___ Dataset ___

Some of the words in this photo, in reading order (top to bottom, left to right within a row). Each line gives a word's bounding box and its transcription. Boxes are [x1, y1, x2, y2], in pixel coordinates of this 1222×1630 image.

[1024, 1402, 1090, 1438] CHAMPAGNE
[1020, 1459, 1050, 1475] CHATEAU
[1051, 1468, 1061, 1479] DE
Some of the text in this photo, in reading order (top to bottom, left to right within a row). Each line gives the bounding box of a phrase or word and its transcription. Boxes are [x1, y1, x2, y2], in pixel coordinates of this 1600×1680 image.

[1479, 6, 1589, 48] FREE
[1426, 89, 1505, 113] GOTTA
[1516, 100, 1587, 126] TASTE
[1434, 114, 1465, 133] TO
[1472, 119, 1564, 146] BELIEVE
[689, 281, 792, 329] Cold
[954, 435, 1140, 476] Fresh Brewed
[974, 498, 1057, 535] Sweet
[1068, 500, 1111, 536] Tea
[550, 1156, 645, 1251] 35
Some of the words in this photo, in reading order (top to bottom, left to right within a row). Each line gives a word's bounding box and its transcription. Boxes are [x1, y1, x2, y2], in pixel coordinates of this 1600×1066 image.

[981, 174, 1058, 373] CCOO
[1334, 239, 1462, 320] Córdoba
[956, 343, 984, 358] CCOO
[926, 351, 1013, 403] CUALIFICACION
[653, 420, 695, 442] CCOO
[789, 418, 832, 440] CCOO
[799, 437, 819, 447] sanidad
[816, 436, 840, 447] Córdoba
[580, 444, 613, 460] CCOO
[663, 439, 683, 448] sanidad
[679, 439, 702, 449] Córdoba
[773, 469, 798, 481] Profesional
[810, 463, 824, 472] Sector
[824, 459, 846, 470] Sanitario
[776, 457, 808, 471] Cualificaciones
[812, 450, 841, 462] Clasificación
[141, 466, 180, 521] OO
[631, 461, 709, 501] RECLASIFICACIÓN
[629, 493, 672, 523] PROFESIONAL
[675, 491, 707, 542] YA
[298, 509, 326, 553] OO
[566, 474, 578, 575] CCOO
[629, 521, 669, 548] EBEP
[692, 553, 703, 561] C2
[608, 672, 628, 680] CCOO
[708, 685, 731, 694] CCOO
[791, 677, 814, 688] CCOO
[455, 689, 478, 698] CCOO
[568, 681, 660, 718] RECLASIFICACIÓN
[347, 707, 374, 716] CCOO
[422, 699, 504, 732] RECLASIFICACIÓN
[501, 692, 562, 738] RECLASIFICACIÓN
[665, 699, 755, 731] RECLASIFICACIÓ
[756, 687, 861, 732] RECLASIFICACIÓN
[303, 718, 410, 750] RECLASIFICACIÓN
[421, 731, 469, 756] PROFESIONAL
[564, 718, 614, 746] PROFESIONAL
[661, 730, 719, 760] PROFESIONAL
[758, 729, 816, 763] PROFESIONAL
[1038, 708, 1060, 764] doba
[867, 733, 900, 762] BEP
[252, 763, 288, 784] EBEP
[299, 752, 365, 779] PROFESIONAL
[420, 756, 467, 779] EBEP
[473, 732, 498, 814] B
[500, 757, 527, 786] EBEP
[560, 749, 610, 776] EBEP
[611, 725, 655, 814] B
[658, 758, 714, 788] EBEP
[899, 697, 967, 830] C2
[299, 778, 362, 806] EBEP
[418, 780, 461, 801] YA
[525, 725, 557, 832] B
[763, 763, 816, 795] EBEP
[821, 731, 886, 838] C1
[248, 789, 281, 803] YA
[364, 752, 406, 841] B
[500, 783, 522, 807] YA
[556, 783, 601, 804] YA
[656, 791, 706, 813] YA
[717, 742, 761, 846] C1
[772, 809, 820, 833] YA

___

*Prompt*:
Word for word, restate each of the records above.

*Solution to the exercise*:
Some of the words in this photo, in reading order (top to bottom, left to right within a row). Each line gives a word's bounding box and its transcription. Boxes are [x1, y1, x2, y2], in pixel coordinates of this 1222×1630 image.

[1024, 1402, 1090, 1438] CHAMPAGNE
[1020, 1459, 1050, 1475] CHATEAU
[1051, 1468, 1061, 1479] DE
Some of the text in this photo, in reading order (top to bottom, left to right within a row). Each line gives the bounding box of a phrase or word and its transcription. Boxes are [x1, y1, x2, y2], in pixel coordinates of this 1600×1680 image.

[1479, 6, 1589, 48] FREE
[1426, 89, 1505, 113] GOTTA
[1516, 100, 1587, 126] TASTE
[1434, 114, 1465, 133] TO
[1472, 119, 1564, 146] BELIEVE
[689, 281, 792, 329] Cold
[954, 435, 1140, 476] Fresh Brewed
[974, 498, 1057, 535] Sweet
[1068, 500, 1111, 536] Tea
[550, 1156, 645, 1251] 35
Some of the words in this photo, in reading order (top to bottom, left to right within a row). Each line gives a word's bounding box and its transcription. Boxes are [x1, y1, x2, y2], in pixel coordinates of this 1600×1066 image.

[981, 174, 1058, 373] CCOO
[1334, 239, 1462, 320] Córdoba
[956, 343, 984, 358] CCOO
[926, 351, 1013, 403] CUALIFICACION
[653, 420, 695, 442] CCOO
[789, 418, 832, 440] CCOO
[799, 437, 819, 447] sanidad
[816, 436, 840, 447] Córdoba
[580, 444, 613, 460] CCOO
[663, 439, 683, 448] sanidad
[679, 439, 702, 449] Córdoba
[773, 469, 798, 481] Profesional
[810, 463, 824, 472] Sector
[824, 459, 846, 470] Sanitario
[776, 457, 808, 471] Cualificaciones
[812, 450, 841, 462] Clasificación
[141, 466, 180, 521] OO
[631, 461, 709, 501] RECLASIFICACIÓN
[629, 493, 672, 523] PROFESIONAL
[675, 491, 707, 542] YA
[298, 509, 326, 553] OO
[566, 474, 578, 575] CCOO
[629, 521, 669, 548] EBEP
[692, 553, 703, 561] C2
[608, 672, 628, 680] CCOO
[708, 685, 731, 694] CCOO
[791, 677, 814, 688] CCOO
[455, 689, 478, 698] CCOO
[568, 681, 660, 718] RECLASIFICACIÓN
[347, 707, 374, 716] CCOO
[422, 699, 504, 732] RECLASIFICACIÓN
[501, 692, 562, 738] RECLASIFICACIÓN
[665, 699, 755, 731] RECLASIFICACIÓ
[756, 687, 861, 732] RECLASIFICACIÓN
[303, 718, 410, 750] RECLASIFICACIÓN
[421, 731, 469, 756] PROFESIONAL
[564, 718, 614, 746] PROFESIONAL
[661, 730, 719, 760] PROFESIONAL
[758, 729, 816, 763] PROFESIONAL
[1038, 708, 1060, 764] doba
[867, 733, 900, 762] BEP
[252, 763, 288, 784] EBEP
[299, 752, 365, 779] PROFESIONAL
[420, 756, 467, 779] EBEP
[473, 732, 498, 814] B
[500, 757, 527, 786] EBEP
[560, 749, 610, 776] EBEP
[611, 725, 655, 814] B
[658, 758, 714, 788] EBEP
[899, 697, 967, 830] C2
[299, 778, 362, 806] EBEP
[418, 780, 461, 801] YA
[525, 725, 557, 832] B
[763, 763, 816, 795] EBEP
[821, 731, 886, 838] C1
[248, 789, 281, 803] YA
[364, 752, 406, 841] B
[500, 783, 522, 807] YA
[556, 783, 601, 804] YA
[656, 791, 706, 813] YA
[717, 742, 761, 846] C1
[772, 809, 820, 833] YA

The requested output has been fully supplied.